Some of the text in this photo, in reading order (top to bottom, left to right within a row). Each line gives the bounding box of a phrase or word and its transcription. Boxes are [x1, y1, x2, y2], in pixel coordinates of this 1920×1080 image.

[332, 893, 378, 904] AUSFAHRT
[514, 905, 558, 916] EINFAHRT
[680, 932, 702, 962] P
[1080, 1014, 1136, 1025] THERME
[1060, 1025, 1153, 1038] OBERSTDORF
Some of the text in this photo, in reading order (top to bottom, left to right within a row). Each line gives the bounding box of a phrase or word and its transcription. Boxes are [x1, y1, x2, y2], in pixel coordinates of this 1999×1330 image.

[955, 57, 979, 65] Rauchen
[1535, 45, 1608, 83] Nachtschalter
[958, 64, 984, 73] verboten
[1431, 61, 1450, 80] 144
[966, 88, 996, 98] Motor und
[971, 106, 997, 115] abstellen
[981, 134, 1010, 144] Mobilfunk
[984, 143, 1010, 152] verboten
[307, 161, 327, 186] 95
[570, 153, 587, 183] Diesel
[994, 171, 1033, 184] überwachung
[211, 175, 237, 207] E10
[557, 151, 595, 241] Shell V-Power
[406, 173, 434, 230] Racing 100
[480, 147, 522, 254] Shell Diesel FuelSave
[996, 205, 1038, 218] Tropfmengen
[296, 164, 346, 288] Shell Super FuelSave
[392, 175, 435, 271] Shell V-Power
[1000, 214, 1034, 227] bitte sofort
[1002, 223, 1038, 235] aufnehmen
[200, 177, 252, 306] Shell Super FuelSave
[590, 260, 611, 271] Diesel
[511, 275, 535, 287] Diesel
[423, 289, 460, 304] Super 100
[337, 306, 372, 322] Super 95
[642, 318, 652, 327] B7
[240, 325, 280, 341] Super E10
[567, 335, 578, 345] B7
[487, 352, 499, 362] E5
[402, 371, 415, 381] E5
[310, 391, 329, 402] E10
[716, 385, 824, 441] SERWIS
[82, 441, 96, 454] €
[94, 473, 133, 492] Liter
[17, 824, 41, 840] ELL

_GOAL OF THE EXERCISE:_
Using the listing above, print every entry exactly.

_TASK ANSWER:_
Some of the text in this photo, in reading order (top to bottom, left to right within a row). Each line gives the bounding box of a phrase or word and its transcription. Boxes are [x1, y1, x2, y2], in pixel coordinates of this 1920×1080 image.

[332, 893, 378, 904] AUSFAHRT
[514, 905, 558, 916] EINFAHRT
[680, 932, 702, 962] P
[1080, 1014, 1136, 1025] THERME
[1060, 1025, 1153, 1038] OBERSTDORF
Some of the text in this photo, in reading order (top to bottom, left to right within a row). Each line gives the bounding box of a phrase or word and its transcription. Boxes are [x1, y1, x2, y2], in pixel coordinates of this 1999×1330 image.

[955, 57, 979, 65] Rauchen
[1535, 45, 1608, 83] Nachtschalter
[958, 64, 984, 73] verboten
[1431, 61, 1450, 80] 144
[966, 88, 996, 98] Motor und
[971, 106, 997, 115] abstellen
[981, 134, 1010, 144] Mobilfunk
[984, 143, 1010, 152] verboten
[307, 161, 327, 186] 95
[570, 153, 587, 183] Diesel
[994, 171, 1033, 184] überwachung
[211, 175, 237, 207] E10
[557, 151, 595, 241] Shell V-Power
[406, 173, 434, 230] Racing 100
[480, 147, 522, 254] Shell Diesel FuelSave
[996, 205, 1038, 218] Tropfmengen
[296, 164, 346, 288] Shell Super FuelSave
[392, 175, 435, 271] Shell V-Power
[1000, 214, 1034, 227] bitte sofort
[1002, 223, 1038, 235] aufnehmen
[200, 177, 252, 306] Shell Super FuelSave
[590, 260, 611, 271] Diesel
[511, 275, 535, 287] Diesel
[423, 289, 460, 304] Super 100
[337, 306, 372, 322] Super 95
[642, 318, 652, 327] B7
[240, 325, 280, 341] Super E10
[567, 335, 578, 345] B7
[487, 352, 499, 362] E5
[402, 371, 415, 381] E5
[310, 391, 329, 402] E10
[716, 385, 824, 441] SERWIS
[82, 441, 96, 454] €
[94, 473, 133, 492] Liter
[17, 824, 41, 840] ELL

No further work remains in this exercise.